Italia vicina al “cerchio di fuoco”: cosa rischia e perché

Lo chiamano il "cerchio di fuoco" e l'Italia si sta avvicinando sempre di più: ma di cosa si tratta esattamente? E cosa rischia il nostro Paese ora?

Pubblicato: 16 Febbraio 2023 12:47

Foto di Federica Petrucci

Federica Petrucci

Editor esperta di economia e attualità

Laureata in Scienze Politiche presso l'Università di Palermo e Consulente del Lavoro abilitato.

Come la Turchia, ora anche la Cina e l’Italia si uniscono a una serie di paesi confinanti con il cd. “cerchio di fuoco“, così lo chiamano l’hotspot dove – oggi – si verificano il 90% dei scosse di terremoto mortali. Il nostro Paese si sta ora avvicinando sempre di più al punto caldo sismico: ma a quali rischi andiamo incontro?

Cos’è il “cerchio di fuoco”

Un terremoto di magnitudo 7,8 ha devastato i territori di Turchia e Siria a febbraio, causando la morte di migliaia di persone (attualmente il bilancio delle vittime è a quota più 50 mila). L’area colpita è una delle più esposte a questo tipo di scosse sismiche, a causa dell’allineamento delle placche tettoniche proprio in quelle zone.

Turchia e Siria si trovano infatti all’interno di un’area sismicamente attiva chiamata “cerchio di fuoco” e, anche se non è sempre possibile prevedere esattamente dove e quando i terremoti colpiranno, sappiamo che ci sono alcuni posti al mondo, come questo, dove gli eventi peggiori si presentano con maggiore probabilità, poiché si tratta di territori situati lungo i confini della placca terrestre.

La Turchia si trova su importanti faglie che delimitano tre diverse placche tettoniche: anatolica, araba e africana. É una regione ben nota di alta sismicità dove i terremoti si verificano nelle zone di subduzione, quando due placche tettoniche che stanno scivolando in direzioni opposte si attaccano e poi scivolano improvvisamente.

I rischi che corre l’Italia

Come già anticipato sopra, l’Italia si trova egli estremi di questo “cerchio di fuoco”, infatti – non a caso – anche il nostro Paese in passato ha dovuto fare i conti con potenti scosse che hanno tragicamente devastato alcuni dei più bei territori dello stivale (Amatrice nel 2016, Modena nel 2012, L’Aquila nel 2009).

Il Belpaese, soprattutto nella sua zona meridionale, si trova vicino alla linea tra la placca eurasiatica e quella africana, ovvero al confine del punto sismico più caldo al mondo, e proprio qui le placche si sfregano l’una contro l’altra. Proprio qui, quindi, potrebbero verificarsi altri terremoti dando vita alla cosiddetta epidemia sismica.

Inoltre, l’Appennino, da nord a sud, e contiene diverse linee di faglia, dove si uniscono due placche tettoniche.

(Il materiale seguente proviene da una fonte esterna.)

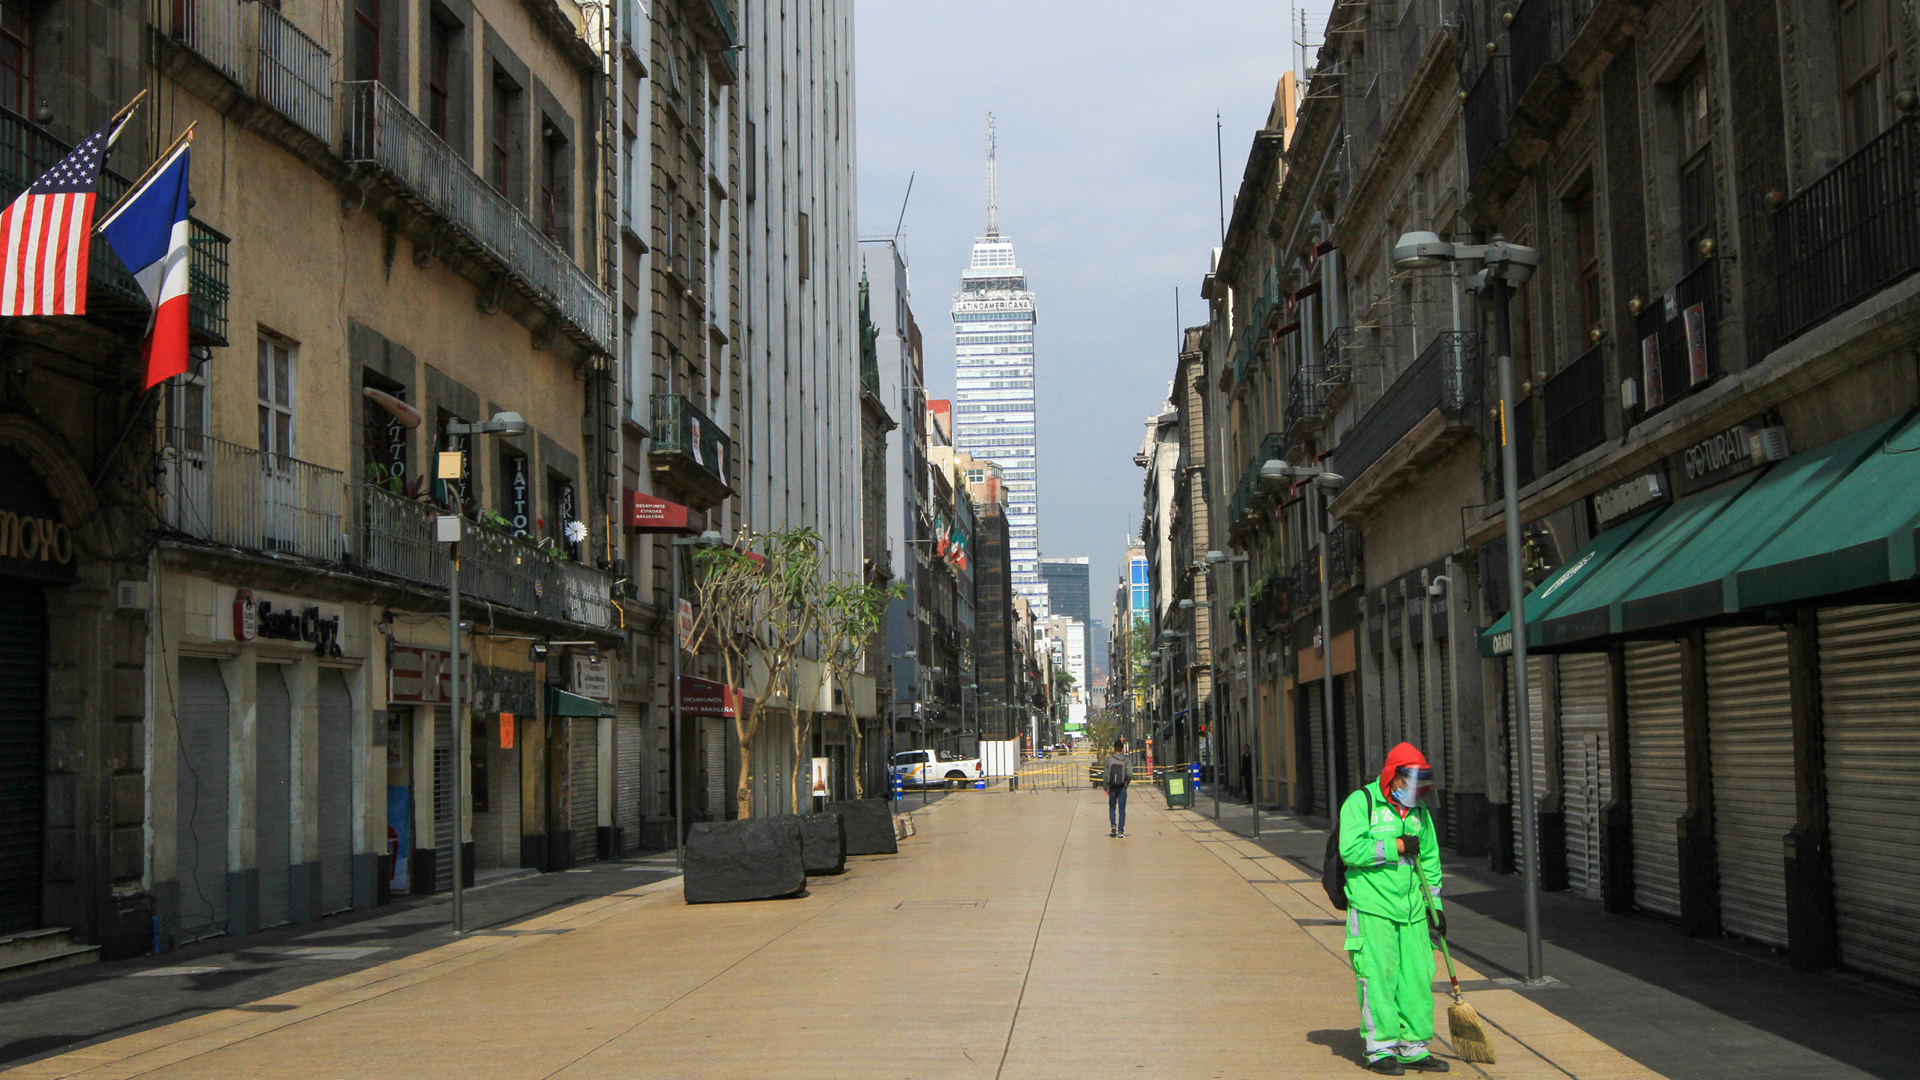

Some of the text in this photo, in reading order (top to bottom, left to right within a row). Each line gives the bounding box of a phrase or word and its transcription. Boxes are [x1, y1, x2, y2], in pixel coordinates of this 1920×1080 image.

[958, 302, 1029, 310] LATINOAMERICANA
[1701, 425, 1747, 472] TURATI
[258, 601, 302, 641] Santa

È possibile prevedere un terremoto?

In verità, la scienza della previsione dei terremoti è molto difficile. Mentre ci sono spesso segnali minuscoli che possono essere rilevati nei dati sismici dopo che si è verificato un evento, sapere cosa cercare e usarlo per fare previsioni in anticipo è molto più impegnativo. Vale per il territorio italiano, vicino all’hotspot, come per tutto il mondo.

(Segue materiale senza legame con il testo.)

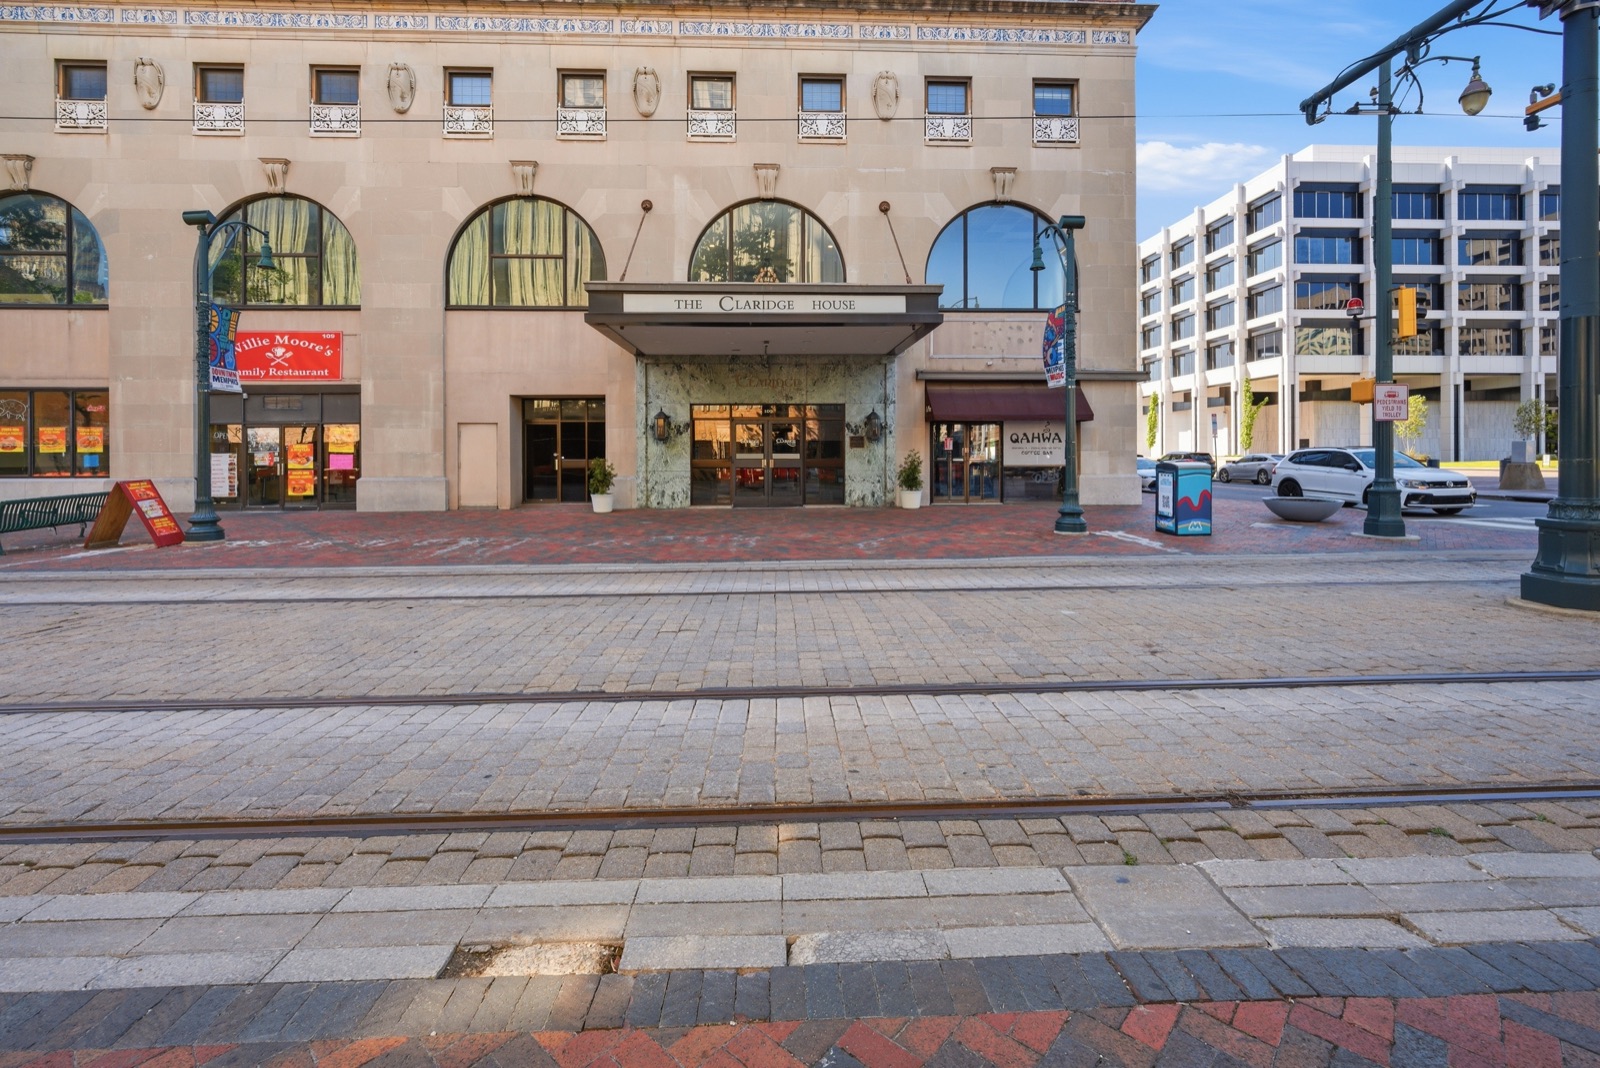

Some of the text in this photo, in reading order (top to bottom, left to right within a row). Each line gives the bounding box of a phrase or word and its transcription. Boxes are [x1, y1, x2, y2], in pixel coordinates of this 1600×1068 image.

[674, 296, 856, 311] THE CLARIDGE HOUSE
[274, 334, 334, 357] Moore's
[237, 367, 329, 378] amily Restaurant
[212, 375, 239, 386] MEMPHIS
[1010, 432, 1063, 444] QAHWA
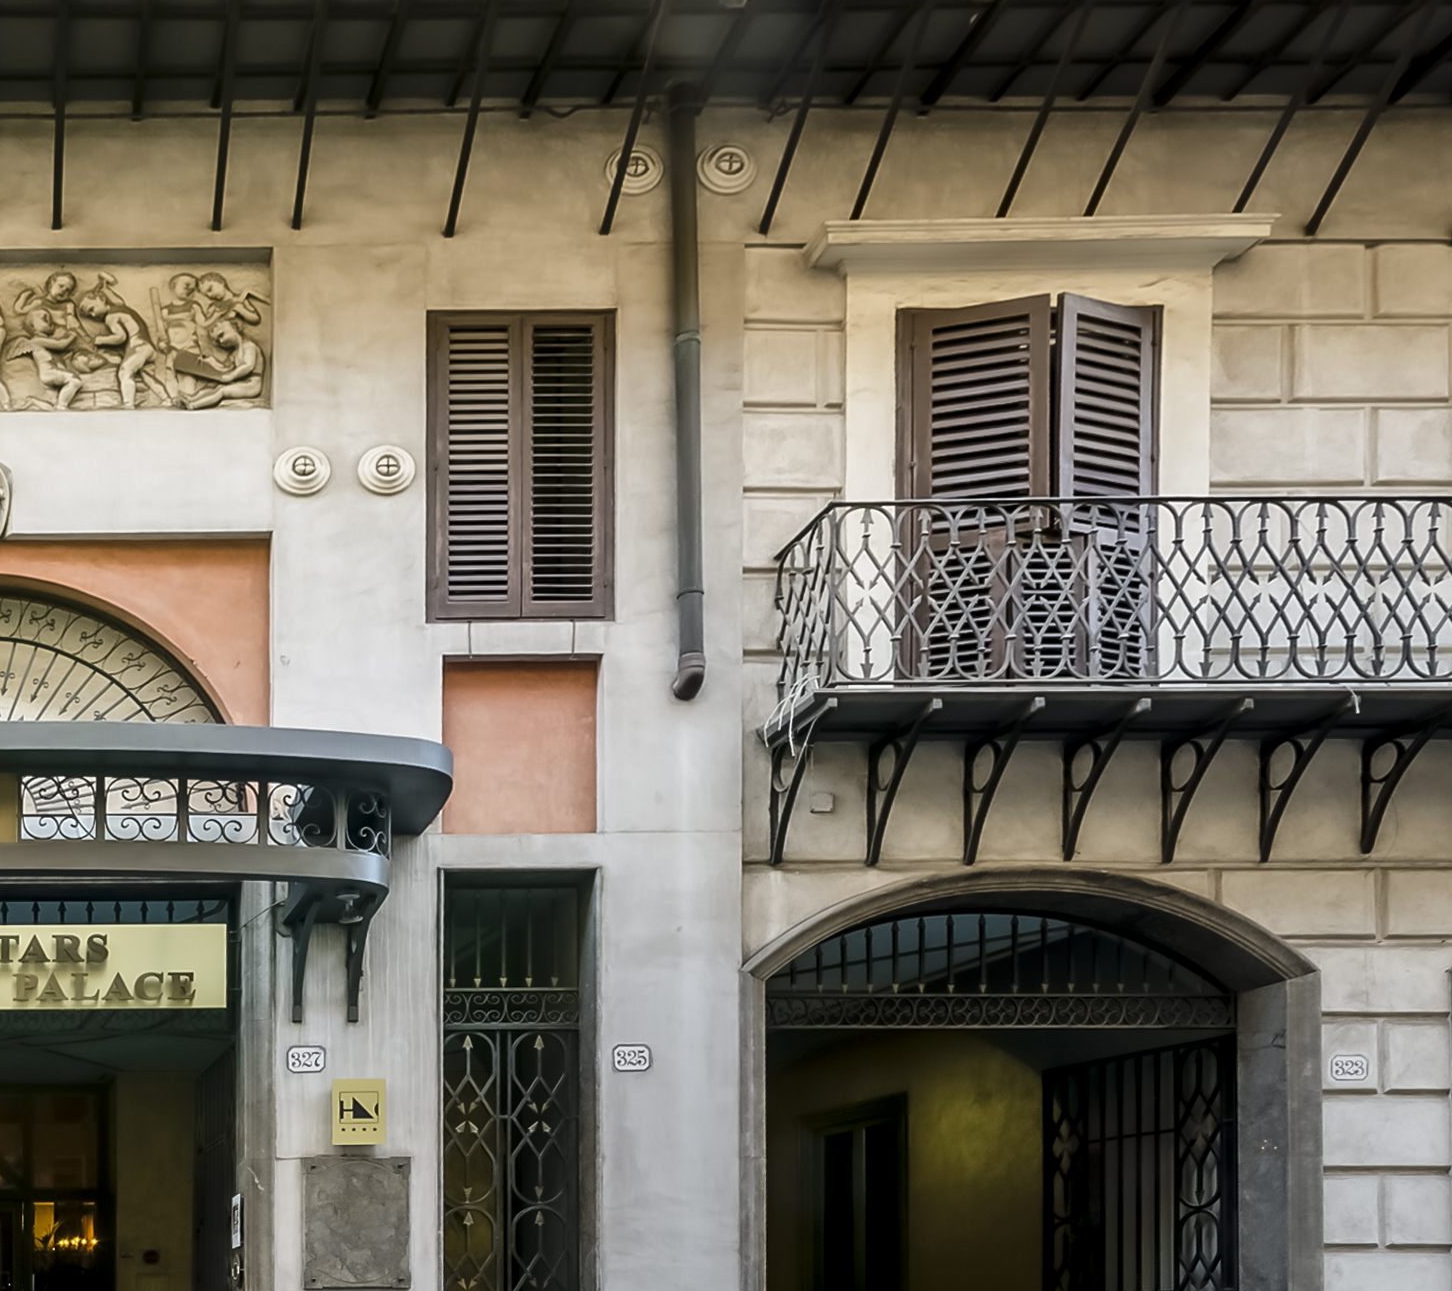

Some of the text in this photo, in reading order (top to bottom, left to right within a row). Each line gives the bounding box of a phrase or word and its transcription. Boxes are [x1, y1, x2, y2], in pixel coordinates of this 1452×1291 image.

[12, 971, 197, 1003] PALACE
[291, 1051, 322, 1068] 327
[616, 1050, 647, 1066] 325
[1335, 1060, 1365, 1076] 323

I geologi hanno cercato di utilizzare metodi scientifici moderni per prevedere i terremoti almeno dagli anni ’60, ma con scarso successo. Il motivo è semplice: le faglie che attraversano il globo sono difficile da analizzare. C’è anche molto rumore sismico, perché la Terra continua a brontolare, il che – combinato con il rumore del traffico, dei lavori di costruzione e della vita quotidiana – rende difficile cogliere segnali chiari prima del tempo.

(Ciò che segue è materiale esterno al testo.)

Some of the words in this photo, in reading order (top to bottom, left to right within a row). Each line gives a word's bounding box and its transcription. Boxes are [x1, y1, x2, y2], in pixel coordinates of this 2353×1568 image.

Quello che possono fare gli esperti, al massimo, è affinare al meglio le proprie ipotesi, attraverso la stesura di “mappe dei pericoli”, in cui calcolano che probabilità ha un terremoto di verificarsi, entro un periodo di tempo e in un determinato territorio (come successo, per esempio, col il “cerchio di fuoco”).

Tuttavia, sebbene queste previsioni siano in grado di aiutare con un certo grado di pianificazione, per esempio spingendo a migliorare gli standard di costruzione nelle aree più pericolose, è vero che non forniscono il livello di previsione necessario per dare avvisi alla popolazione, consentendo quindi a cittadini e residenti di evacuare o rifugiarsi per tempo. Inoltre, non tutti coloro che vivono in una zona sismica possono permettersi il tipo di infrastruttura necessaria per resistere a grandi quantità di scosse.